* **Exercise instructions**:
Transcribe precisely, and only, the lines beginning at the line containing "this 1920×1280 image." and ending at the final line of the material below.

* **Exercise material**:
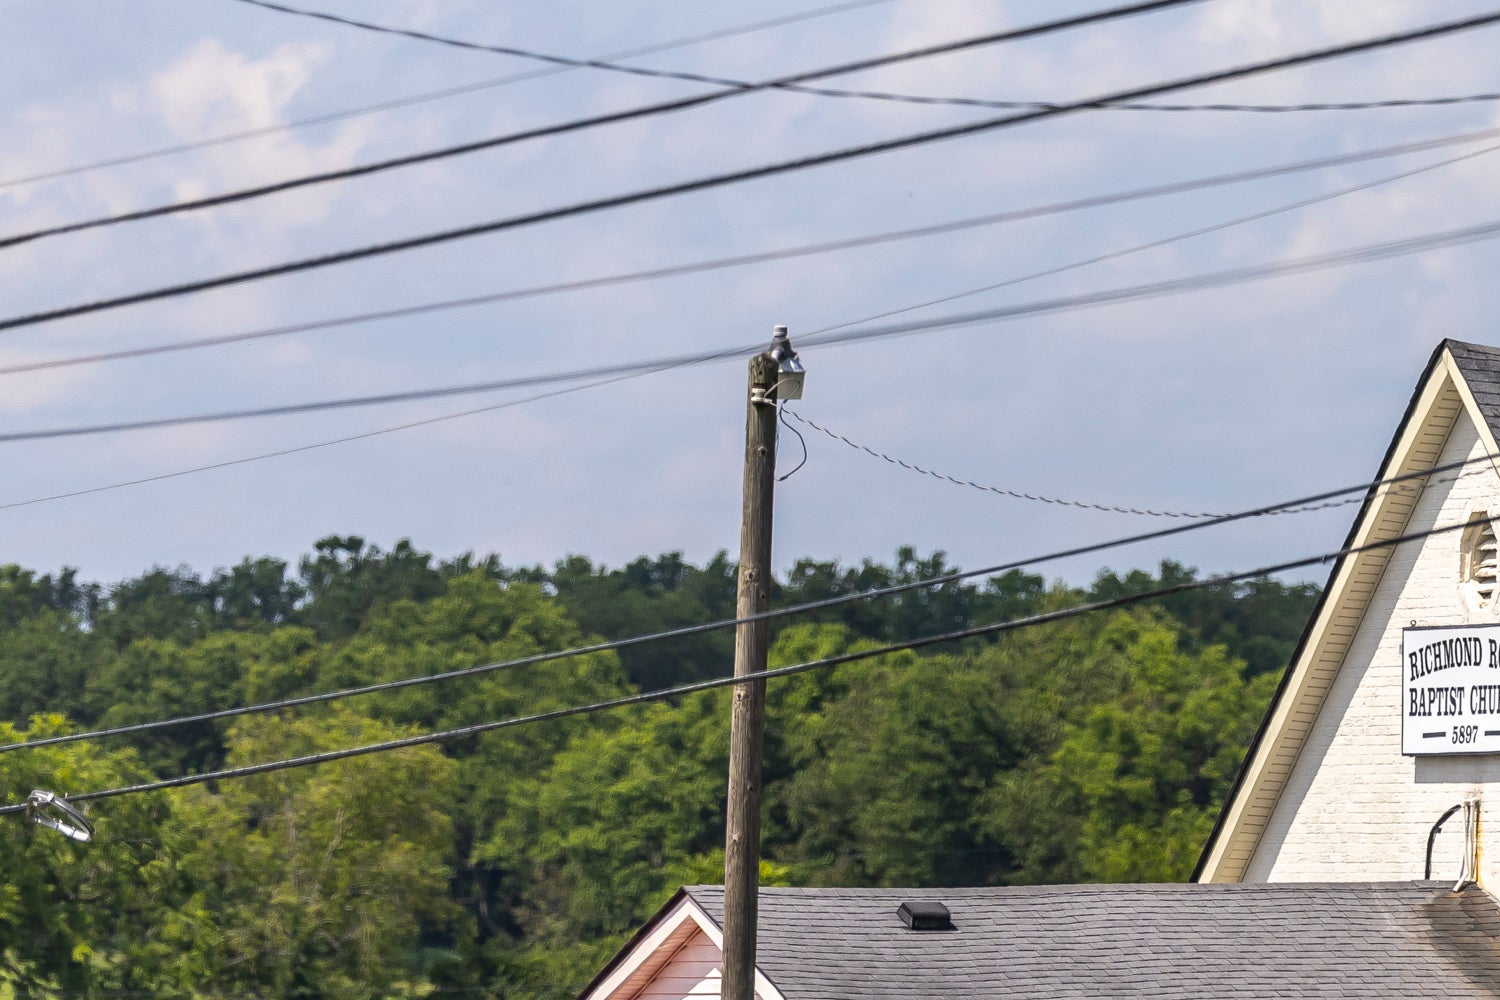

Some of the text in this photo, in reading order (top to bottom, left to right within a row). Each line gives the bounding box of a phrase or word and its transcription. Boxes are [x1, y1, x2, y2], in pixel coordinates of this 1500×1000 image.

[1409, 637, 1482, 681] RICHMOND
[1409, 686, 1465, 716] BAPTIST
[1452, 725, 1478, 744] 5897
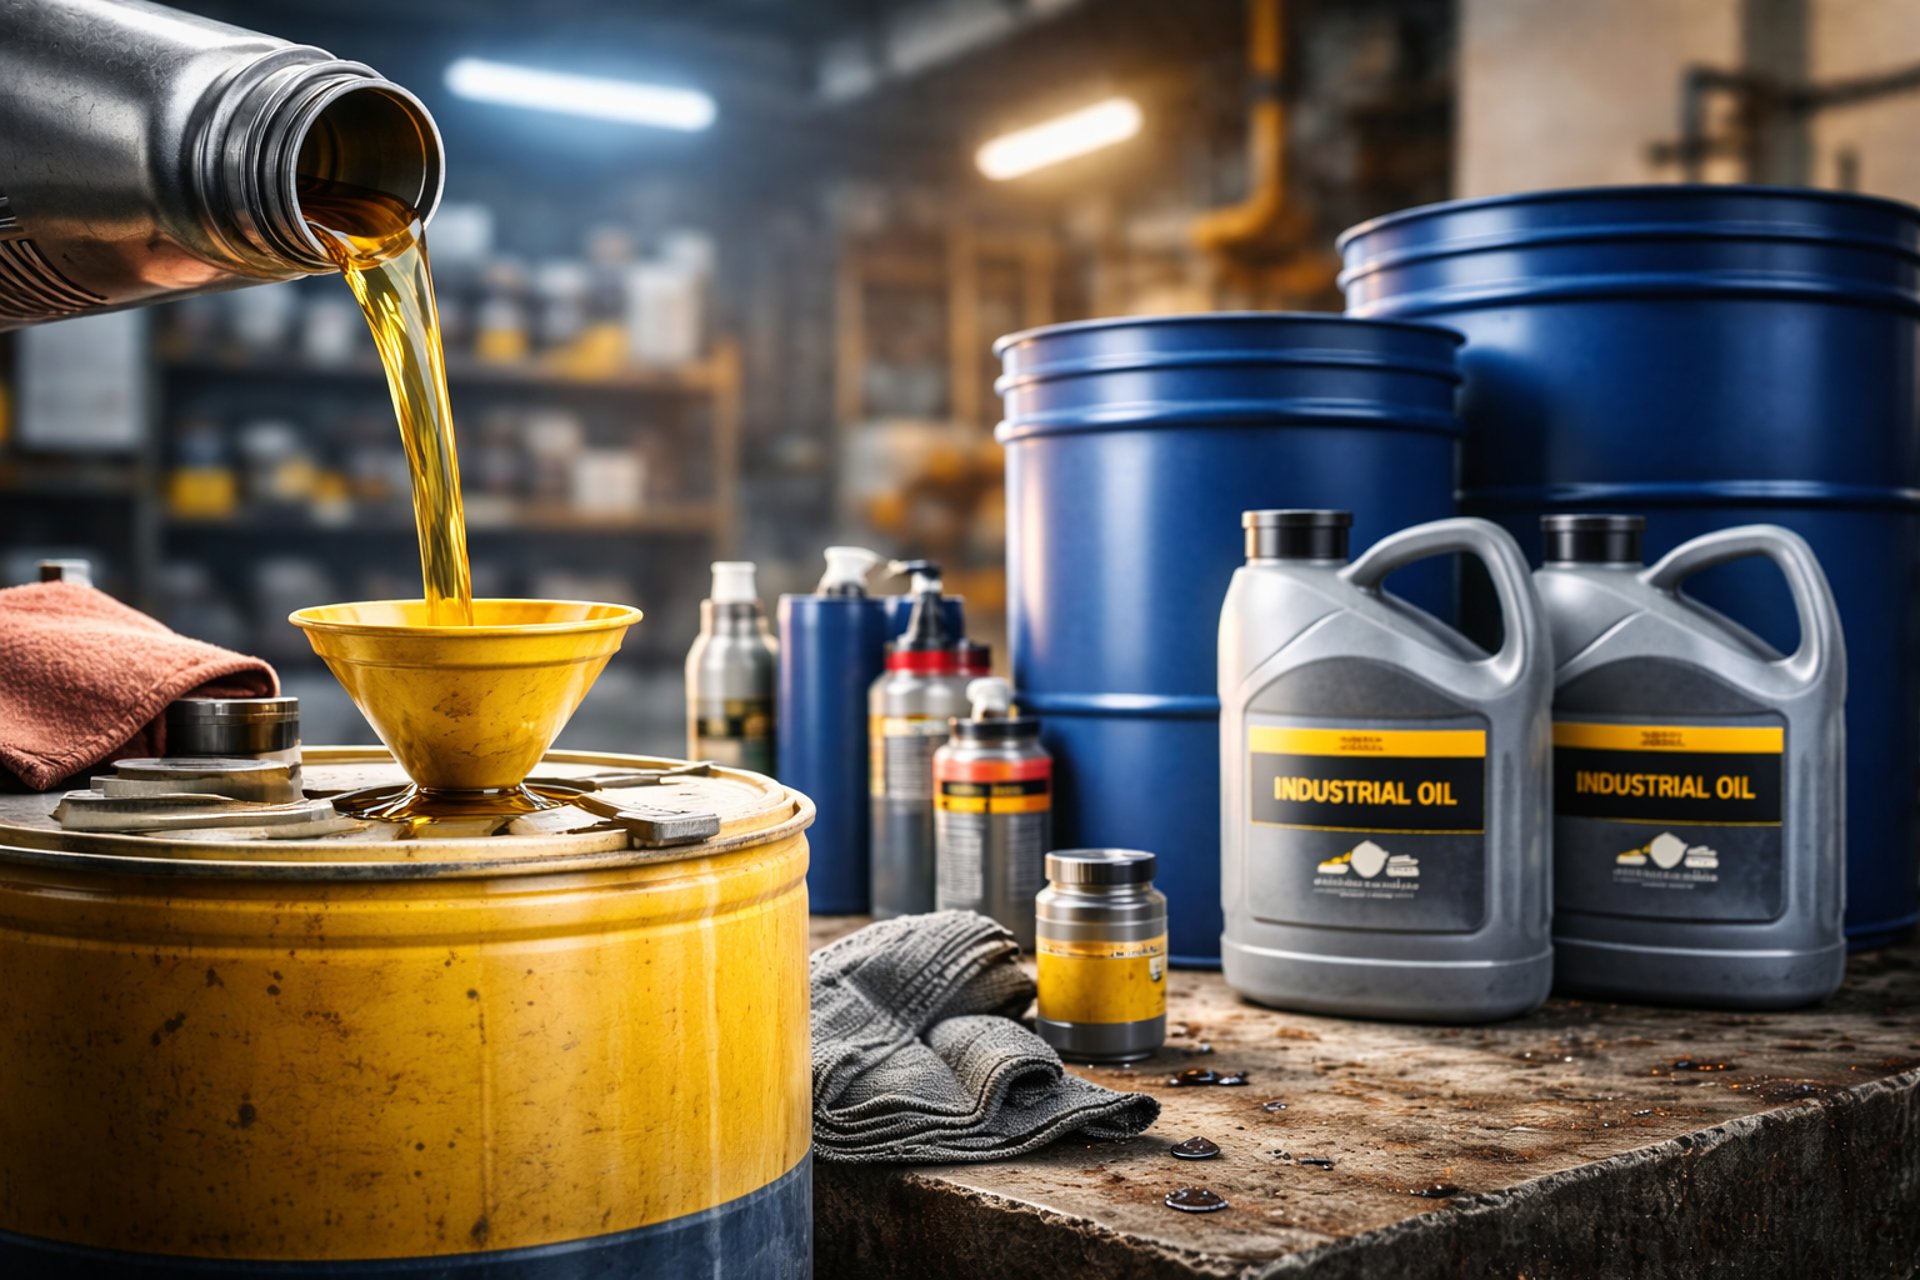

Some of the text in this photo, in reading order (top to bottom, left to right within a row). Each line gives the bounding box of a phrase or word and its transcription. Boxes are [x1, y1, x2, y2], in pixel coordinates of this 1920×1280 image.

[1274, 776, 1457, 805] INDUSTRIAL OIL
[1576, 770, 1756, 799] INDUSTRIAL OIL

* **Written solution**:
Some of the text in this photo, in reading order (top to bottom, left to right within a row). Each line gives the bounding box of a phrase or word and its transcription. Boxes are [x1, y1, x2, y2], in pixel coordinates of this 1920×1280 image.

[1274, 776, 1457, 805] INDUSTRIAL OIL
[1576, 770, 1756, 799] INDUSTRIAL OIL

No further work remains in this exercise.